2070: Alone on Earth – Day Four
Tracing the Sound, Following the Unknown
Day Four begins before dawn. I’ve barely slept—each time I closed my eyes, I heard that clatter again. Real or imagined, it echoed in the chambers of my restless mind.
I rise before the sky has turned blue, the city still cloaked in grayscale. The air is colder today, sharp against my skin. I make a hot drink from instant powder and sip slowly as I stare out the window. The same city, the same stillness—but something is different now. The silence no longer feels total. It has a seam, a tear, where the unknown leaked through.

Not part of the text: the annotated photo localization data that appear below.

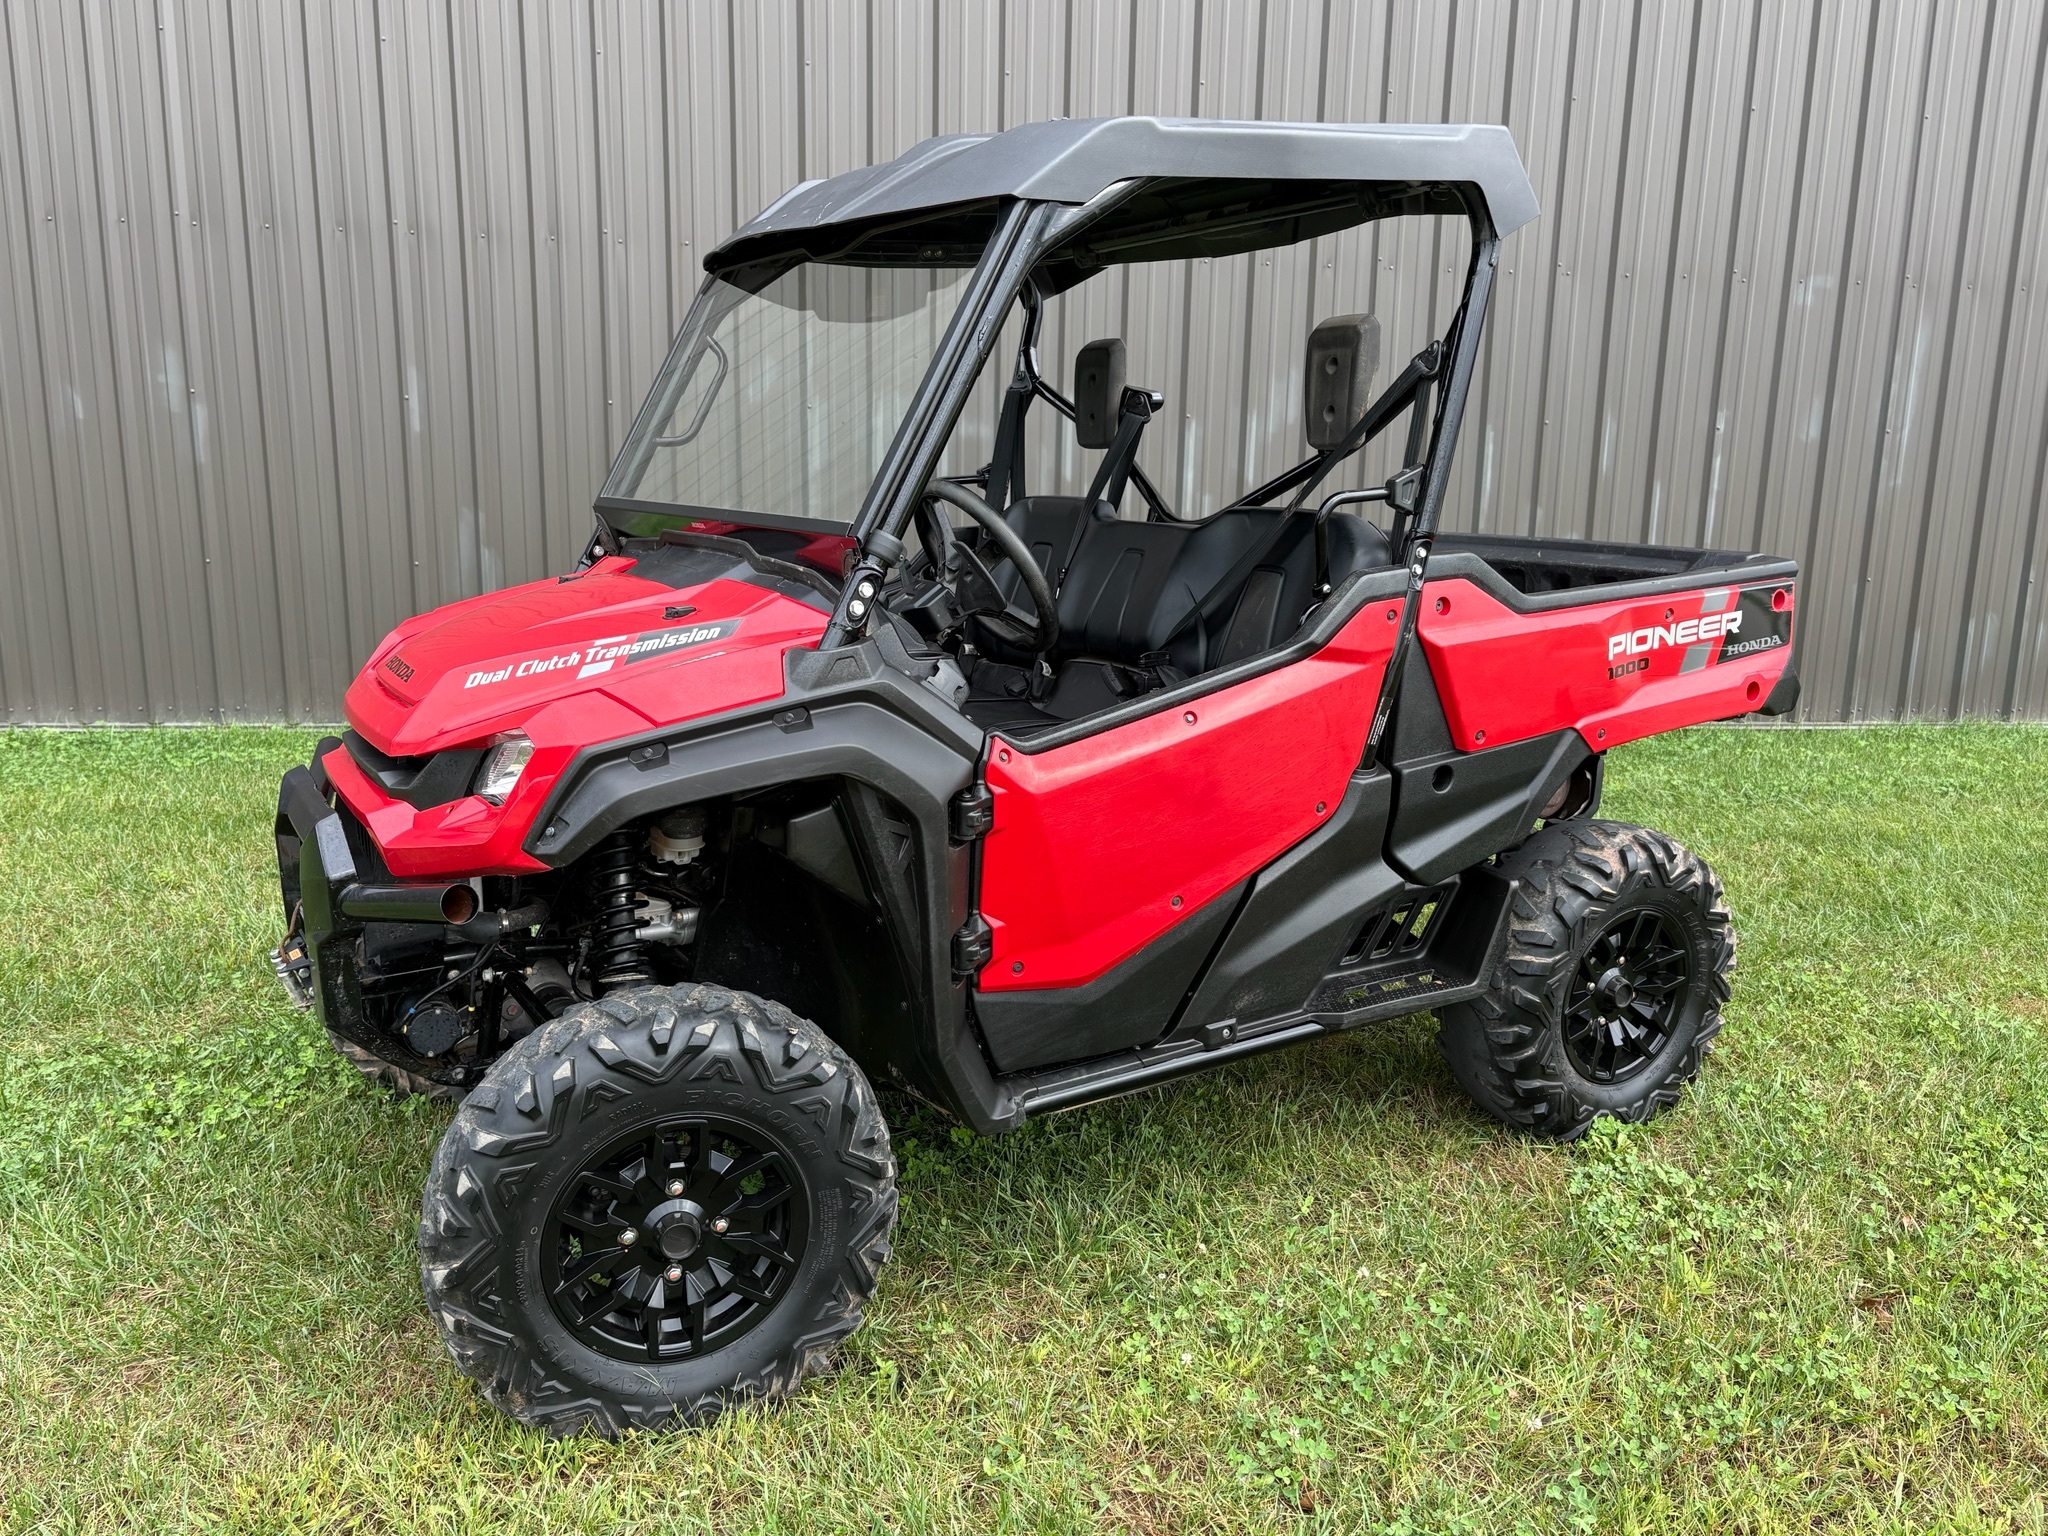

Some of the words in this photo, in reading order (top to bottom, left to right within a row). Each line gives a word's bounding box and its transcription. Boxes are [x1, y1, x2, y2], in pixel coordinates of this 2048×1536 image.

[464, 663, 514, 690] Dual
[515, 651, 581, 678] Clutch
[585, 626, 722, 664] Transmission
[1608, 610, 1743, 661] PIONEER
[1726, 634, 1783, 656] HONDA
[385, 655, 416, 683] HONDA
[1607, 658, 1650, 681] 1000
[685, 1089, 824, 1160] BIGHORN
[537, 1334, 680, 1398] MAXXIS

I write my daily log: Day Four. All systems nominal. Radio broadcast scheduled.
After breakfast—oats and water, joyless but filling—I sit at the radio. My voice is steadier now, less hopeful, more determined.
"This is Day Four. Alex broadcasting from downtown Chicago. I heard something yesterday. If you’re alive, if you’re listening, I’m going to investigate. If you hear this, know I’m looking. And I’ll return here to broadcast every evening. You are not forgotten."
I switch off the radio. A deep breath follows. Then I gather my gear: water, flashlight, crowbar, binoculars, medkit. I pull on my boots. This isn’t a supply run—it’s a search. A scouting mission into the uncertainty.
I head back to the area where I heard the sound: an old commercial zone several blocks from my base. The streets here are narrower, buildings taller, the wind louder. I walk with caution. Every step echoes like a question.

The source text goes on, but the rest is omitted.